Ze begreep maar al te goed wat er met haar aan de hand was: ze wist, dat er sommige
mensen zijn, die in de liefde niet kunnen vergeten. En ze wist ook, dat zij een van
die mensen was. Ze had het in de loop der jaren empirisch kunnen vaststellen: bij
elke man die haar betastte, elk nieuw vriendje dat haar nam, elke nieuwe jongen die
zich aandiende, besefte ze, dat ze hem slechts zou gebruiken als subsituut voor wat
ooit was geweest. Als zo'n relatie dan verbrak, was ze nauwelijks ontroerd. Ze had
geen tijd om erover na te denken, ze was de hele dag en zelfs 's nachts in haar
dromen bezig met die ene jongen uit haar verleden, die haar zo vurig had bemind,
en zijn naam had geetst in haar hart.
Ze had zich erbij neergelegd, dat dit haar lot zou zijn, om tot het einde van haar
leven te blijven rouwen om dat ene lief, dat haar verliet. In pijn leefde zij haar
leven, en leed zij haar leed. Maar leven bleef ze: haar eigenwaarde mocht haar dan
indertijd zijn afgenomen, over haar leven had ze tenminste nog het zelfbeschikkingsrecht.
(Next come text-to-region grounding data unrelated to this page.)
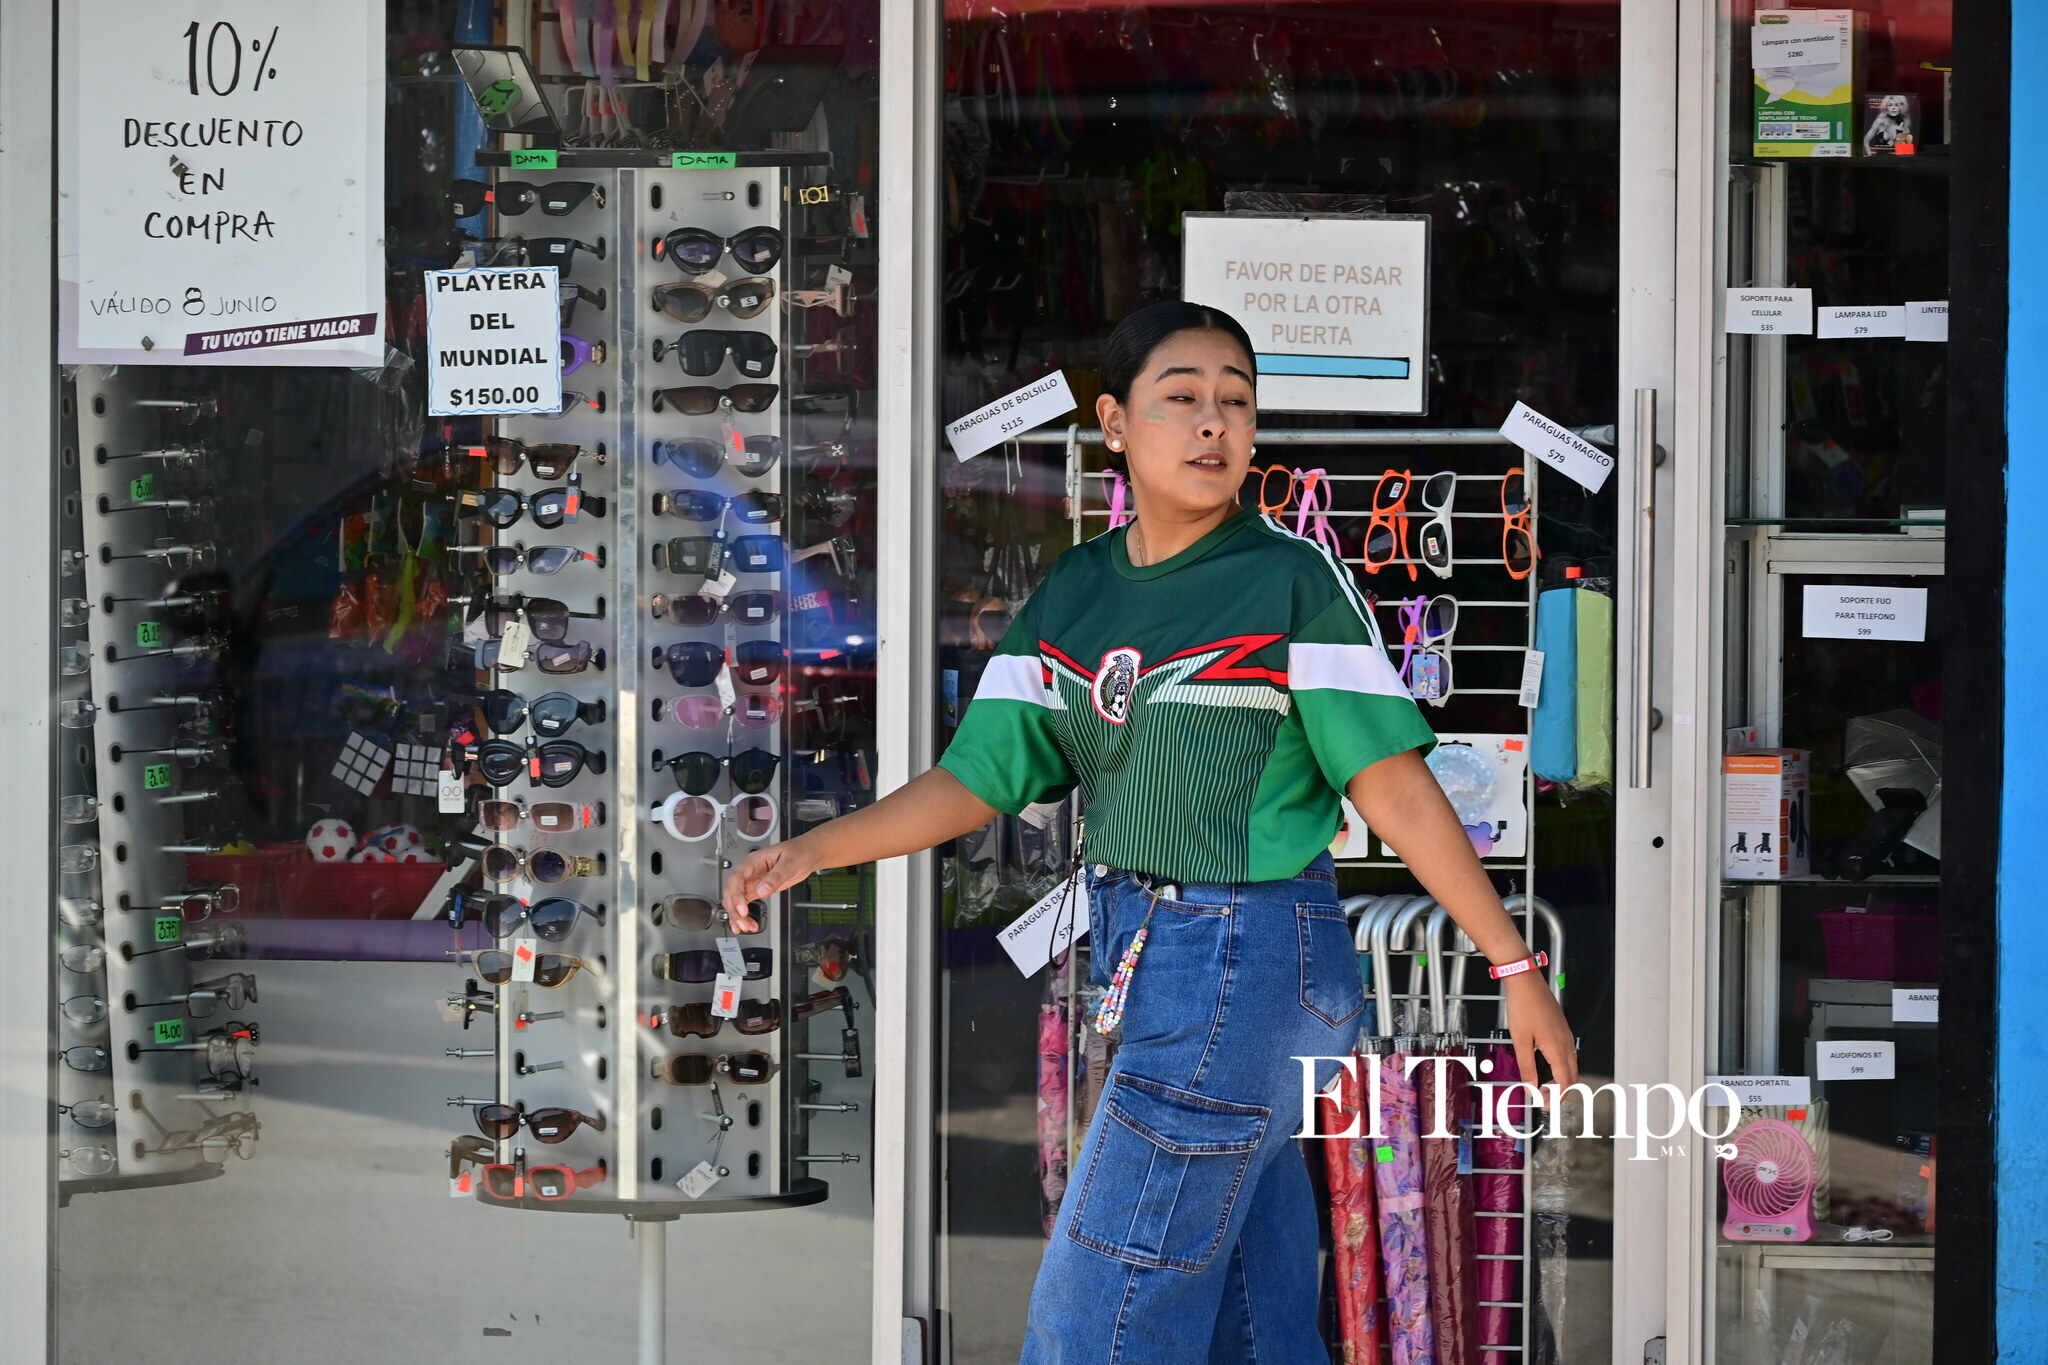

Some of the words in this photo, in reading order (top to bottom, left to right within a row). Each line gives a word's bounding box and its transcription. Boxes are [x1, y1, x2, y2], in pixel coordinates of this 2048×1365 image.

[1762, 38, 1789, 47] Lámpara
[1803, 35, 1836, 43] ventilador
[183, 21, 279, 96] 10%
[123, 117, 304, 149] DESCUENTO
[515, 154, 548, 165] DAMA
[677, 155, 729, 166] DAMA
[180, 168, 225, 196] EN
[144, 210, 275, 244] COMPRA
[1225, 261, 1293, 282] FAVOR
[1300, 263, 1326, 283] DE
[1333, 264, 1403, 286] PASAR
[437, 273, 546, 292] PLAYERA
[90, 291, 171, 316] VÁLIDO
[183, 287, 205, 316] 8
[210, 296, 277, 316] JUNIO
[1244, 292, 1287, 313] POR
[1293, 294, 1320, 314] LA
[1325, 295, 1383, 316] OTRA
[1774, 295, 1793, 303] PARA
[1834, 311, 1872, 319] LAMPARA
[1873, 310, 1887, 318] LED
[1921, 306, 1949, 314] LINTER
[470, 313, 515, 330] DEL
[1760, 324, 1774, 332] $35
[201, 335, 220, 350] TU
[223, 330, 262, 348] VOTO
[265, 325, 306, 343] TIENE
[310, 319, 360, 337] VALOR
[1271, 324, 1353, 346] PUERTA
[1854, 327, 1868, 335] $79
[440, 348, 547, 367] MUNDIAL
[450, 386, 539, 408] $150.00
[953, 405, 1001, 435] PARAGUAS
[1001, 399, 1015, 411] DE
[1015, 378, 1058, 405] BOLSILLO
[1000, 416, 1024, 433] $115
[1522, 411, 1572, 445] PARAGUAS
[1571, 440, 1610, 467] MAGICO
[1547, 449, 1566, 464] $79
[1840, 596, 1874, 605] SOPORTE
[1876, 597, 1892, 605] FIJO
[1835, 612, 1855, 620] PARA
[1857, 612, 1896, 621] TELEFONO
[1858, 628, 1872, 636] $99
[1008, 902, 1052, 940] PARAGUAS
[1051, 891, 1064, 905] DE
[158, 921, 177, 941] 3.75
[1500, 962, 1527, 975] MEXICO
[160, 1024, 182, 1040] 4.00
[1851, 1066, 1864, 1074] $99
[1748, 1095, 1762, 1103] $55
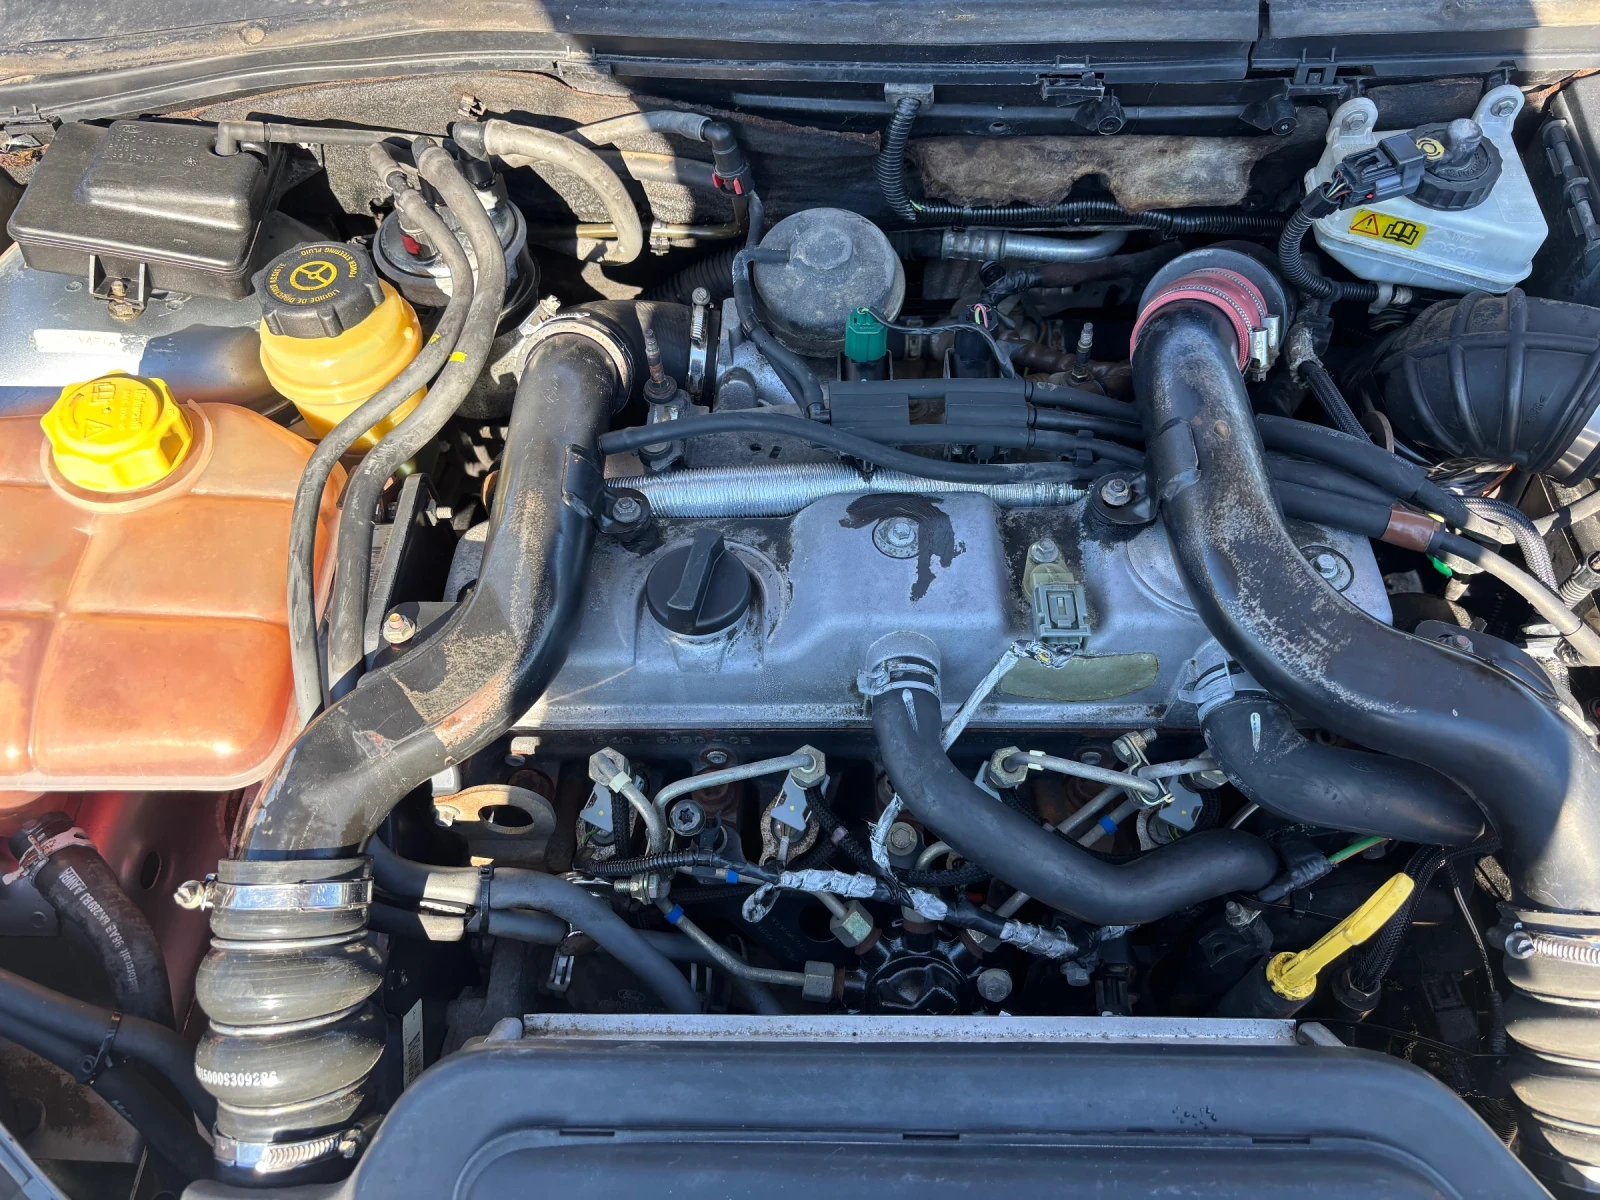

Ze was al oud, en werd verliefd. Voor het eerst sinds HEM. Hij was net achttien
geworden, net als HIJ toen. Ze beleefde hetzelfde als zovele jaren geleden, bruiste,
vlamde, was trots en verlegen tegelijk, dankte god voor haar hervonden geluk, en
schreeuwde van het podium, dat ze weer thuis was. Dat ze weer kon voelen, zoals
ze dat ooit eerder had gekund.
Dalida was een intelligente vrouw; ze had het moeten zien aankomen.
"Ik hou van je", zei hij tegen haar, dat zinnetje had-ie gehoord in een film.
Zij leerde hem de liefde zoals zij haar publiek de liefde leerde, en toen hij was
uitgeleerd pakte hij zijn biezen en ging er vandoor.
Wat had ze toen ook alweer gedacht? O ja, ze had geprobeerd hem te overtuigen van
het feit dat zij de ware voor hem was, ze had hem willen vasthouden, willen
terugtrekken. Tevergeefs. Hij was niet teruggekomen. Het had haar alle energie
van haar leven gekost.
En nu was het dan weer zover. "Ga maar", zei ze ditmaal. "Ach, we hebben het toch
best tof gehad samen?", besloot hij. "Ja", antwoordde zei, en wist, dat hij nooit
zou begrijpen wat zij voelde, dat geen lied meer toereikend was.
Een paar dagen later sloegen twee mannen in Parijs de krant open. "La Dali est
morte", stond er groot. De jongeman, die op zijn kamer zat, slikte. Hij draaide
zich om naar zijn vriendin, zij vroeg "Wat is er?", hij zei "Niets", en leefde verder.
De oude man, hij was net iets jonger dan zij, las en slikte eveneens. "Wat is er?",
vroeg zijn vrouw, en hij antwoordde "Niets." 's Avonds pakte hij met trillende
handen de goed verstopte brief uit de kast, die hij jaren geleden had geschreven,
en nooit had durven versturen. "Chere Dali, ", las hij, terwijl er een traan viel
op het papier.
Zonder verder te lezen propte hij de brief terug.